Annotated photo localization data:
--------------------------------

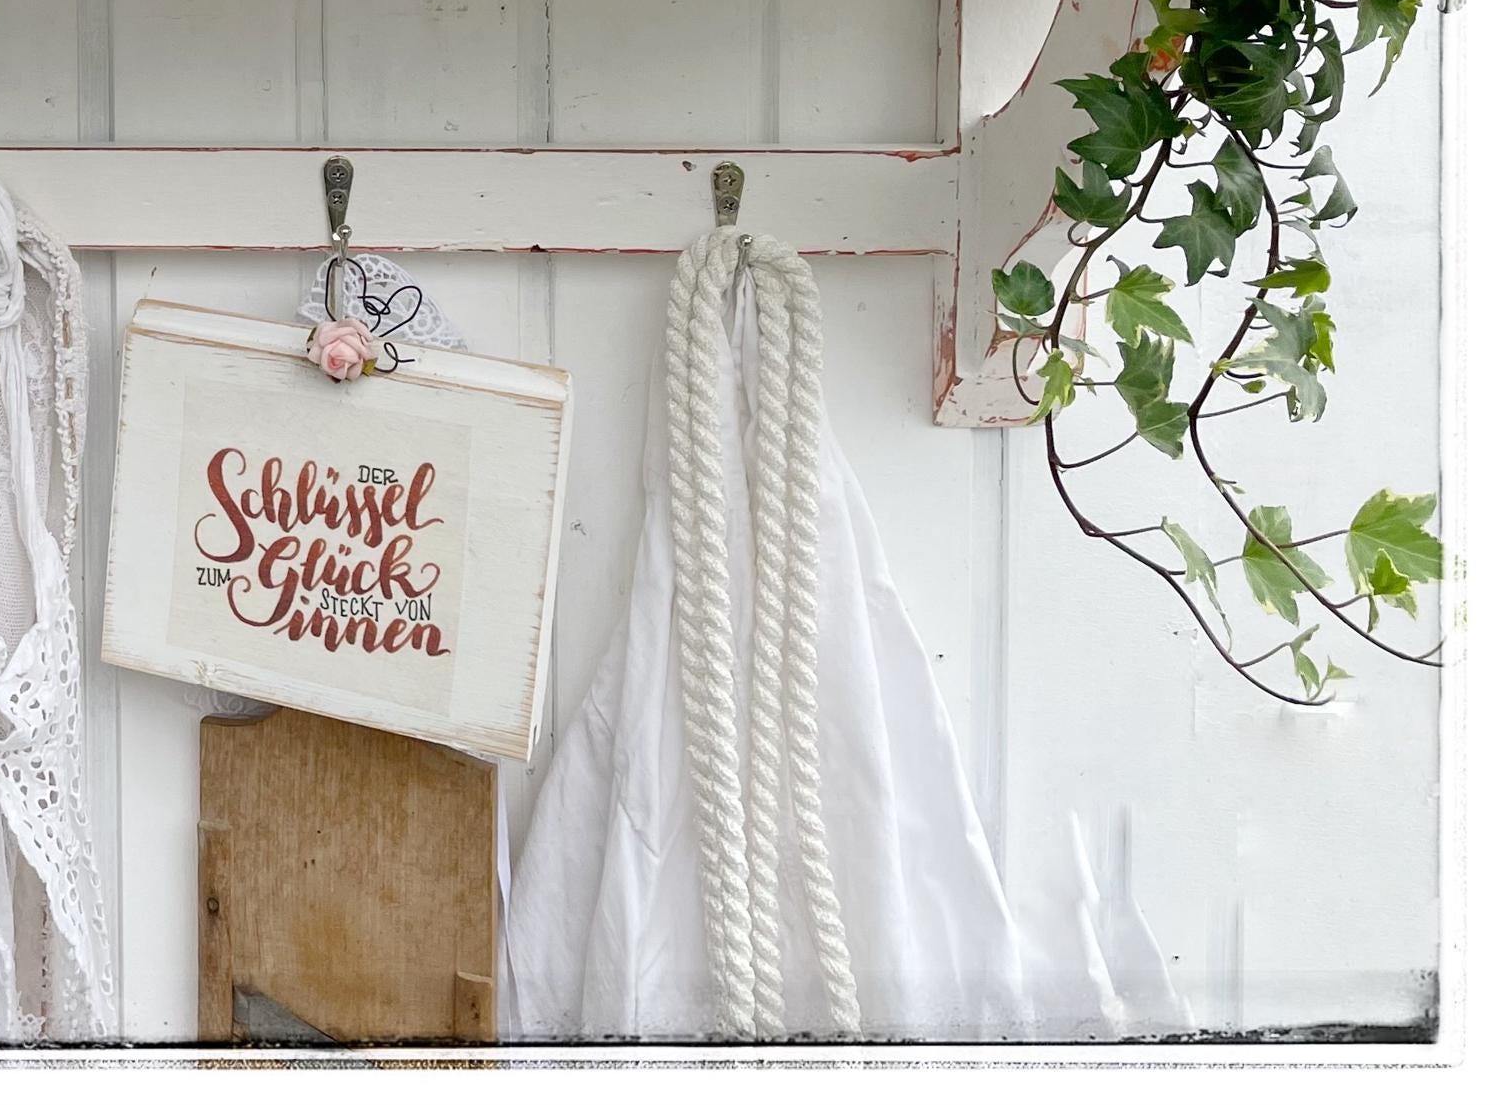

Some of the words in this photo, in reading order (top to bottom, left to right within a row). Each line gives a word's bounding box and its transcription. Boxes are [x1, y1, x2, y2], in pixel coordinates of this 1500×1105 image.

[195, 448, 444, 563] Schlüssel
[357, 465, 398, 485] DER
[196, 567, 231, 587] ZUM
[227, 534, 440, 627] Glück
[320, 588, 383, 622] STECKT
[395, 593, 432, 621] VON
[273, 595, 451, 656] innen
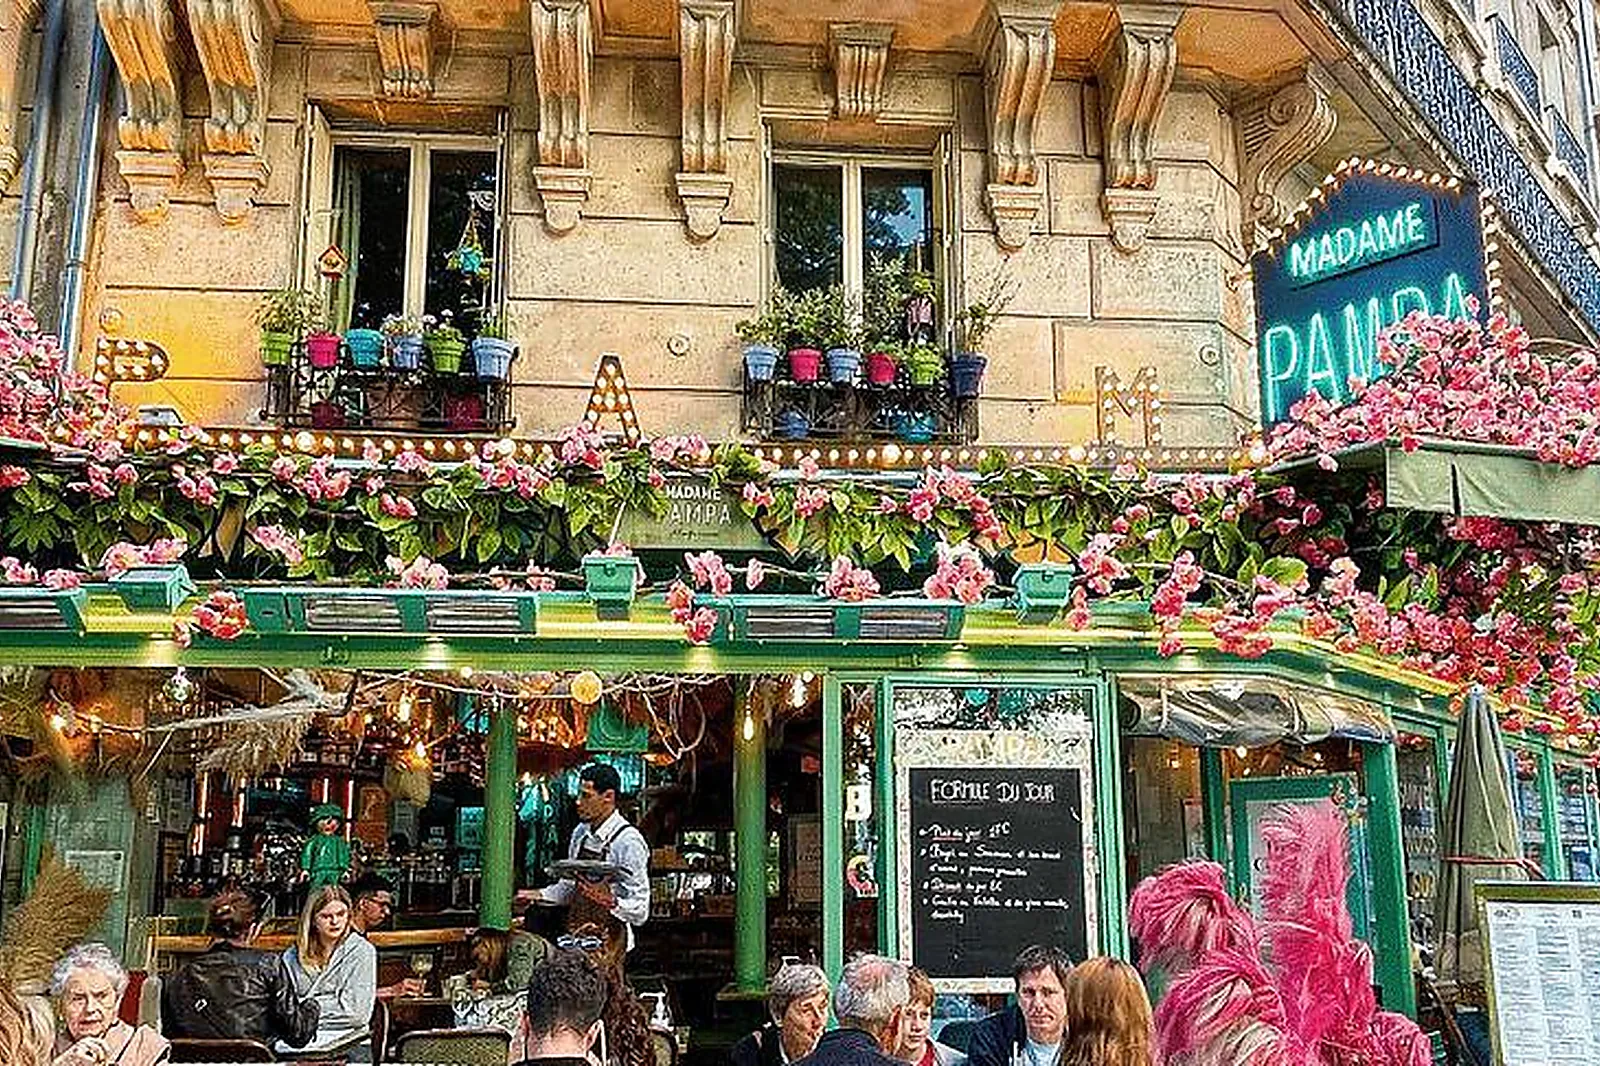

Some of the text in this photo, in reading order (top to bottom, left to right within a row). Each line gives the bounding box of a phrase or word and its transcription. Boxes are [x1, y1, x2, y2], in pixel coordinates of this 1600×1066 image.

--------------------------------

Work task:
Write out the records above exactly as they appear, leaving out any pictures.

Answer space:
Some of the words in this photo, in reading order (top to bottom, left to right within a row). Each line gives a word's bounding box and its transcription. Boxes are [x1, y1, x2, y2], in pixel coordinates of this 1500×1105 image.

[195, 448, 444, 563] Schlüssel
[357, 465, 398, 485] DER
[196, 567, 231, 587] ZUM
[227, 534, 440, 627] Glück
[320, 588, 383, 622] STECKT
[395, 593, 432, 621] VON
[273, 595, 451, 656] innen

Some of the text in this photo, in reading order (top to bottom, left to right within a row). Each line gives the bounding box of a phrase or word and its transcription. Boxes are [x1, y1, x2, y2], in pixel coordinates of this 1600×1066 image.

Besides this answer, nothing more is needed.